The inspectors performed a complete walkdown of equipment for one system that is important to safety. The inspectors walked down the system to review mechanical and electrical equipment line-ups, component labeling, component lubrication, component and equipment cooling, hangers and supports, operability of support systems, and to ensure that ancillary equipment or debris did not interfere with equipment operation. A review of past and outstanding work orders (WOs) was performed to determine whether any deficiencies significantly affected the system function. In addition, the inspectors reviewed the corrective action program (CAP) database to ensure that any system equipment alignment problems were being identified and appropriately resolved.

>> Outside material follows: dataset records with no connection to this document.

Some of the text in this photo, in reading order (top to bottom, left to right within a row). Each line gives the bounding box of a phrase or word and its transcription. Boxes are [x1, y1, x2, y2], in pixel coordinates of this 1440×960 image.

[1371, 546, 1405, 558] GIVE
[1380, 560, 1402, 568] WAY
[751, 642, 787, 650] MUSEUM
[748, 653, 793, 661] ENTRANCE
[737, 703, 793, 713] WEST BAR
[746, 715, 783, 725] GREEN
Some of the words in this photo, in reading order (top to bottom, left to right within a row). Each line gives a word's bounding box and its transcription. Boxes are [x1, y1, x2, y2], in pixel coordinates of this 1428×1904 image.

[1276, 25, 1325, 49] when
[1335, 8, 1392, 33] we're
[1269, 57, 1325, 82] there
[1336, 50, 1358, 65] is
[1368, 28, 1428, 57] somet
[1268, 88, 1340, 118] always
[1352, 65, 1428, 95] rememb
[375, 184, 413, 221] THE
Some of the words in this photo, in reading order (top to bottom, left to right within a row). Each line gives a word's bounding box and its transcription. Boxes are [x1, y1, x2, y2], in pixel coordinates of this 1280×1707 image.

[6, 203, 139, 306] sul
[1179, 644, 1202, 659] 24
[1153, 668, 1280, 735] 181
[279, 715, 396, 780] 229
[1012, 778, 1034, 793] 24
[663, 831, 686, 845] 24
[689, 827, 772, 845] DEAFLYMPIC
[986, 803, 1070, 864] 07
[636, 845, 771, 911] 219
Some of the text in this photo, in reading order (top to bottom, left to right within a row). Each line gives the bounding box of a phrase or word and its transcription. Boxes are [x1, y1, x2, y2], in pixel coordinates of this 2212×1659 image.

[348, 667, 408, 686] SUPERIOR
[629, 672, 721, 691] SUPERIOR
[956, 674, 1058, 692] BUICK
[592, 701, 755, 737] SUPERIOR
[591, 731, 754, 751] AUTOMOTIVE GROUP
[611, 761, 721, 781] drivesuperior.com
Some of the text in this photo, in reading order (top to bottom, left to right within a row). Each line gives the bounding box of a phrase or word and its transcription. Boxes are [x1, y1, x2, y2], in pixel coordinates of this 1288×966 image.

The inspectors selected the following system to assess operability and proper equipment line-up for a total of one sample:

b. Findings

No findings of significance were identified.

1R05 Fire Protection

Quarterly Fire Zone Walkdowns (71111.05Q)

a. Inspection Scope

The inspectors walked down risk significant fire areas to assess fire protection requirements. The inspectors reviewed areas to assess if the licensee had implemented a fire protection program that adequately controlled combustibles and ignition sources within the plant, effectively maintained fire detection and suppression capability, maintained passive fire protection features in good material condition, and had implemented adequate compensatory measures for out-of-service, degraded or inoperable fire protection equipment, systems or features. The inspectors selected fire areas based on their overall contribution to internal fire risk as documented in the plants Individual Plant Examination of External Events, or the potential to impact equipment which could initiate or mitigate a plant transient. The inspection activities included the control of transient combustibles and ignition sources, fire detection equipment, manual suppression capabilities, passive suppression capabilities, automatic suppression capabilities, compensatory measures, and barriers to fire propagation.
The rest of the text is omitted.